Él subió las escaleras y en automático Diane se limpió las ojeras y los pómulos. Por ese entonces no reconocía las lágrimas auténticas, así que se preguntó si le había entrado una basurita en los ojos.

—Mira, mamá, he pescado uno —le señaló.

El abuelo pasó de largo por el porche y atravesó la puerta. En la entrada, su abuela sacudió levemente la cabeza, mientras su madre se acuclillaba para ver el interior de la cubeta que Eric le estaba mostrando. En seguida, lo miró a los ojos.

Eric lloraba de pequeño por cosas como que se le pinchara la llanta de la bicicleta o que se terminara la comida de sus peces. Lloraba cuando no podían ir a casa del tío George o su abuelo no enviaba regalo de cumpleaños. Obviamente lo compensaba con una noche de acampar, pero en esa ocasión su madre no le había permitido empacar la casa de campaña.

Al llegar a la casa de playa de sus abuelos, se tuvo que resignar a que las idas de paseo o tardeadas contentaran de alguna forma a su madre, que apenas hablaba y lo obligaba a hacer tarea en verano.

Era el primer verano que se veía en la necesidad de elegir entre hacer la tarea o irse a dormir temprano. Y ninguna de las dos era su favorita.

—Hoy tienes que dormir temprano —le explicó ella.

Hacía ya muchos días que le pedía el mismo favor. Eric tenía la consciencia de haber sido un niño bueno ese verano, incluso de haber podado céspedes de los vecinos para comprarse una de las esferas del Dragón. Sin embargo, la nueva regla era que no debía gastar el dinero en cosas como esas.

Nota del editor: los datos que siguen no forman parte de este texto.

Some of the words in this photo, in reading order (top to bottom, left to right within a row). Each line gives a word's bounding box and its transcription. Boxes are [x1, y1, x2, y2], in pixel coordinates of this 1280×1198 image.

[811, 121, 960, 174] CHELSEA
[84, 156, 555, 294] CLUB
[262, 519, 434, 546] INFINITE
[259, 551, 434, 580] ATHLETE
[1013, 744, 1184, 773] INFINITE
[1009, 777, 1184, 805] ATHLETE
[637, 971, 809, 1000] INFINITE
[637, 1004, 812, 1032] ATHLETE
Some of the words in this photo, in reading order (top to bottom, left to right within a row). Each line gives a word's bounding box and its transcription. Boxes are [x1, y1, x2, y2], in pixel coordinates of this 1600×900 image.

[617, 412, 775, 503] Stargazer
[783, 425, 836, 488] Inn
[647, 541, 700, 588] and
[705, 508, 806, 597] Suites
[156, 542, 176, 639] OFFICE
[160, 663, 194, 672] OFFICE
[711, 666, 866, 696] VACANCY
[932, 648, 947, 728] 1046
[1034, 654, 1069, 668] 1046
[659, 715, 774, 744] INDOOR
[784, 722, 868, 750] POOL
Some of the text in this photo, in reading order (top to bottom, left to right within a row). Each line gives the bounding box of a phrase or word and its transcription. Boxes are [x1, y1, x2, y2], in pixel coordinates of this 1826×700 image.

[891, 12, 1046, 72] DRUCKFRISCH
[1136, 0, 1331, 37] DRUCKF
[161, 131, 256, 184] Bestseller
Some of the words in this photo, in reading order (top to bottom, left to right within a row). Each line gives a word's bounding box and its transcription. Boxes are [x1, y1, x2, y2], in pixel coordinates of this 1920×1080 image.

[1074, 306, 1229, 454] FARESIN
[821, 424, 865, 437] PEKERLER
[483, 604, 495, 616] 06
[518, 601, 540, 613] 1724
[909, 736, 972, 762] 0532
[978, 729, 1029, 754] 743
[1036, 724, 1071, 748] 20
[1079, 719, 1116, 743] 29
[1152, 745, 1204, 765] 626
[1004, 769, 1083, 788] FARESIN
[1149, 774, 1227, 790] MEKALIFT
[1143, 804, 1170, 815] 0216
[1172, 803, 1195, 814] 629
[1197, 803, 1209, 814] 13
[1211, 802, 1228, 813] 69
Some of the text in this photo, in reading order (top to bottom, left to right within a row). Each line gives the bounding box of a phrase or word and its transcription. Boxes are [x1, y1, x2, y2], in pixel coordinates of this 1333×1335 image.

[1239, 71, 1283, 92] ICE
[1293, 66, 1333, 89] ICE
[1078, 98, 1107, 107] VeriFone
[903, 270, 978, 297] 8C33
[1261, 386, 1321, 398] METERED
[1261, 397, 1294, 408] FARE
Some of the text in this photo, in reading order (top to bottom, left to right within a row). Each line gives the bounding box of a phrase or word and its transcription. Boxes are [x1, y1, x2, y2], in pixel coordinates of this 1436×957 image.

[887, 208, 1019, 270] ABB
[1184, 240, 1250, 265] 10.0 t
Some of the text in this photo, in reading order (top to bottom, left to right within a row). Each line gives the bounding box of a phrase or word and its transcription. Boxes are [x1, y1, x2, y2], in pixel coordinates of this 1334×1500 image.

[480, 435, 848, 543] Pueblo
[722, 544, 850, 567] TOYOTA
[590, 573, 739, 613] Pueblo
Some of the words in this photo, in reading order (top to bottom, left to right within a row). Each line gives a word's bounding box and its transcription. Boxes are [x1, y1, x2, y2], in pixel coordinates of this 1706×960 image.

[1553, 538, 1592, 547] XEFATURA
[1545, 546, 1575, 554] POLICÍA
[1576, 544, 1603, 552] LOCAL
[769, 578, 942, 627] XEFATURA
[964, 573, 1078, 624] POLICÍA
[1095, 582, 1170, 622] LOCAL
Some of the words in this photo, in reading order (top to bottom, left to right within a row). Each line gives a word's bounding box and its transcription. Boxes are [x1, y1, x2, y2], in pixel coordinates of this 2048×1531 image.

—Pero no tengo sueño —replicó, pese a la regla de no replicar a mamá.

—No es una pregunta, hijo. Tengo que hacer una llamada y necesito que...

Hagas eso por mí.

Como Eric había memorizado un montón de cosas para esa edad, no le costó demasiado terminar aquella odiosa frase por su madre, que lo ayudó a llevar la cubeta al interior de la casa hasta el lavado, donde la abuela le dijo que comiera un poco de pay antes de irse a la cama.

Con un vaso de leche y un trozo de panqué en la barriga, Eric se acostó en la enorme cama de la habitación para huéspedes. Pero como no podía dormir, tuvo que regresar a la cocina para pedir agua.

Fue entonces que la escuchó hablar con la abuela. Mamá lloraba de manera extraña y como si no pudiera parar. Le recordó a ese momento en el que se cayó de la bicicleta y Dylan Carter se burló de él.

En el marco del pasillo, asegurándose de no hacer ruido, escuchó con atención las palabras que de vez en cuando se materializaban frente a él.

—Eligió su vida antes que a nosotros —decía su madre. La abuela le acariciaba la espalda pero no decía ni hacía otra cosa—. Aunque me ame, aunque diga que no habrá otra mujer, me ha decepcionado, mamá. Me ha decepcionado tanto que no podría perdonarlo nunca.

El niño de siete años que era no olvidó la palabra «decepción». En la universidad, la terapeuta le sugirió que escribiera sus memorias desde el verano tras el cual papá ya no volvió a la casa.

Su madre repetiría la palabra «decepción» tantas veces que Eric le había dado forma y color. No comprendía su significado, pero sí sabía que decepción y lágrimas eran dos cosas que venían tomadas de las manos.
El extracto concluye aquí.